3. The rights of suspects
- Everyone is presumed innocent unless and until proven guilty before the Court. The
Prosecution must prove the guilt of the suspect and a Trial Chamber will convict
someone only if it is satisfied that the charges have been proven beyond reasonable
doubt.
- Suspects are presumed innocent. They are present in the courtroom during the trial,
and they have a right to a public, fair and impartial hearing of their case.
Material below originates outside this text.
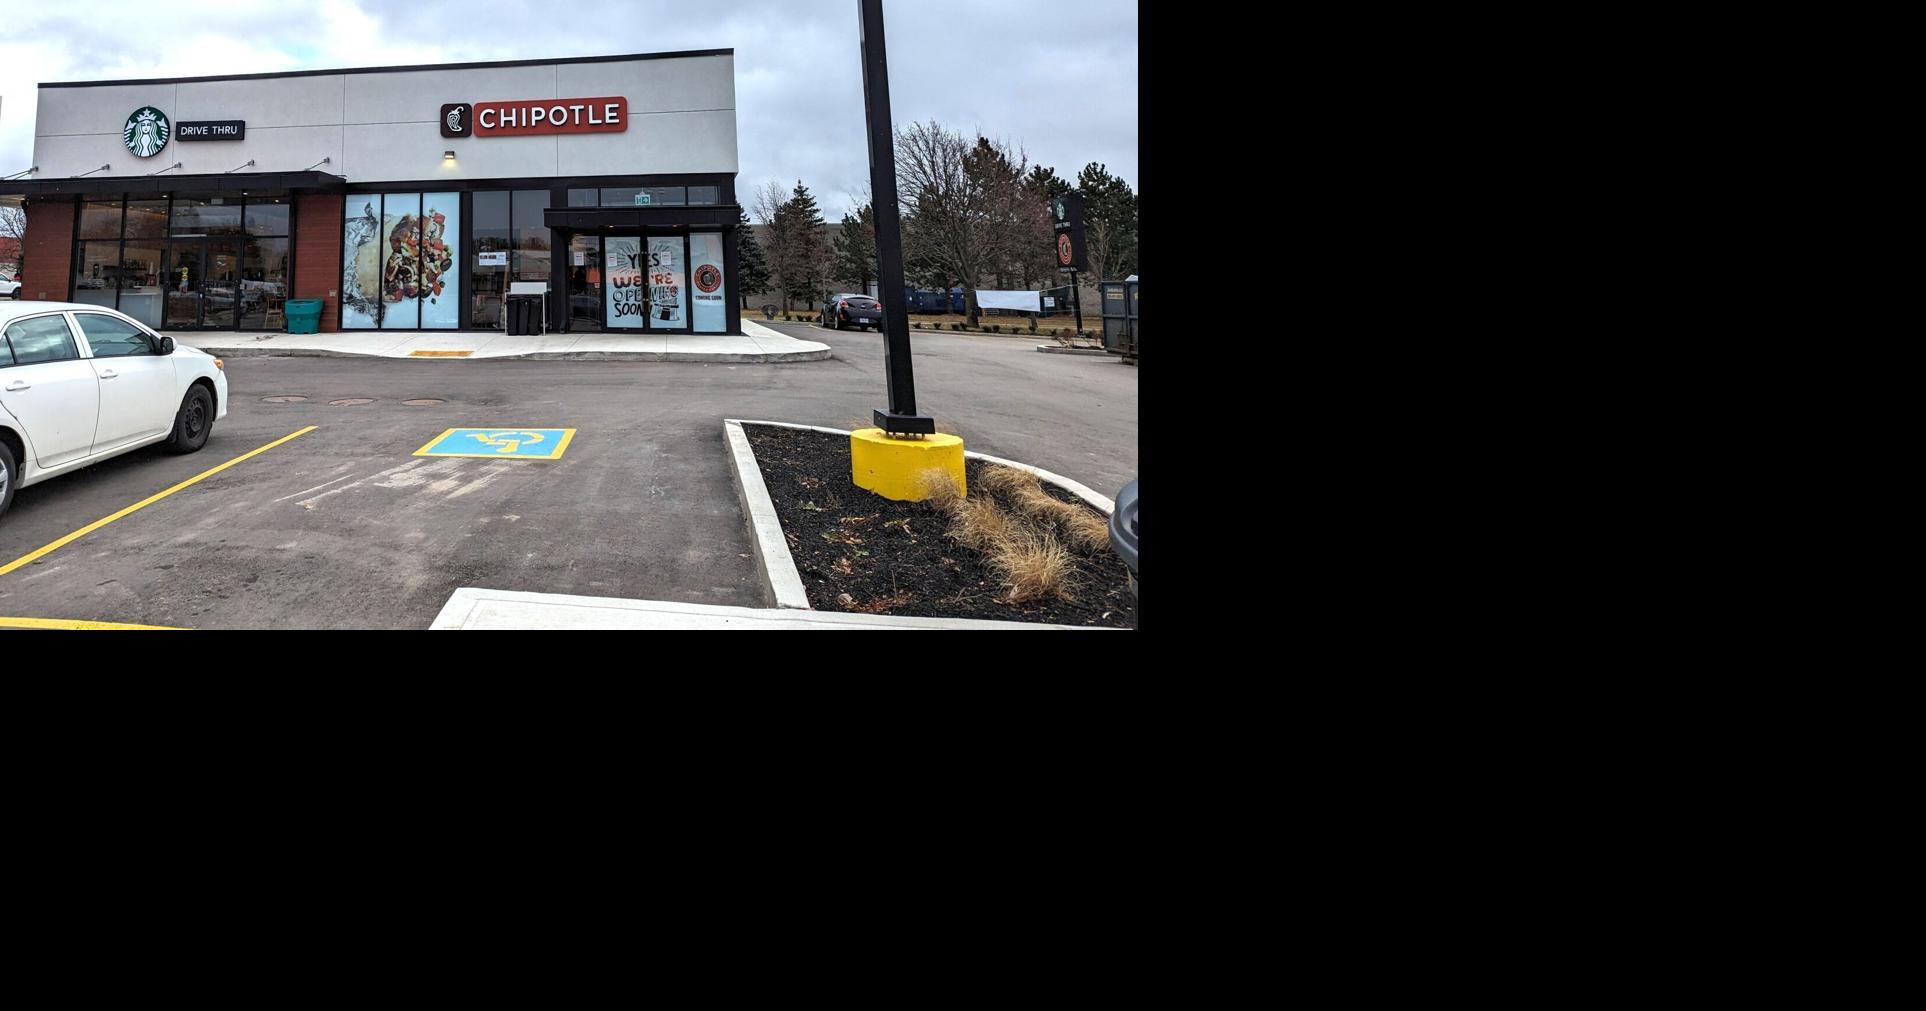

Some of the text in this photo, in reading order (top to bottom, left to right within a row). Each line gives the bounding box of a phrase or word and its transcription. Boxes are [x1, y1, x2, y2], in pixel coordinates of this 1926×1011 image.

[479, 103, 620, 129] CHIPOTLE
[180, 125, 238, 136] DRIVE THRU
To this end,
a series of guarantees are set out in the Court’s legal documents, including the
following rights, to mention but a few:
▪ To be defended by the counsel (lawyer) of their choice, present evidence and
witnesses of their own and to use a language they fully understand and speak;
▪ To be informed in detail of the charges in a language which they fully understand
and speak;
▪ To have adequate time and facilities for the preparation of the defence and to
communicate freely and in confidence with counsel;
▪ To be tried without undue delay;
▪ Not to be compelled to testify or to confess guilt and to remain silent, without such
silence being a consideration in the determination of guilt or innocence;
▪ To have the Prosecution disclose to the defense evidence in its possession or control
which it believes shows or tends to show the innocence of the accused, or to mitigate
the guilt of the accused, or which may affect the credibility of the Prosecution’s
evidence
- Suspects have the right to legal assistance in any case where the interests of justice so
require and, if the suspect does not have the means to pay for it, to legal assistance
assigned by the Court.
- All detainees are entitled to apply for interim release pending trial. In the event of
rejection, the decision is periodically reviewed by the competent chamber, at least
every 120 days, and may be reviewed at any time at the request of the detained person
or the Prosecution.
- The OPCD promotes, represents and researches the rights of the defence, raises the
profile of substantive defence issues, and endeavours to achieve equality of arms for
the defence at all stages of an investigation and trial.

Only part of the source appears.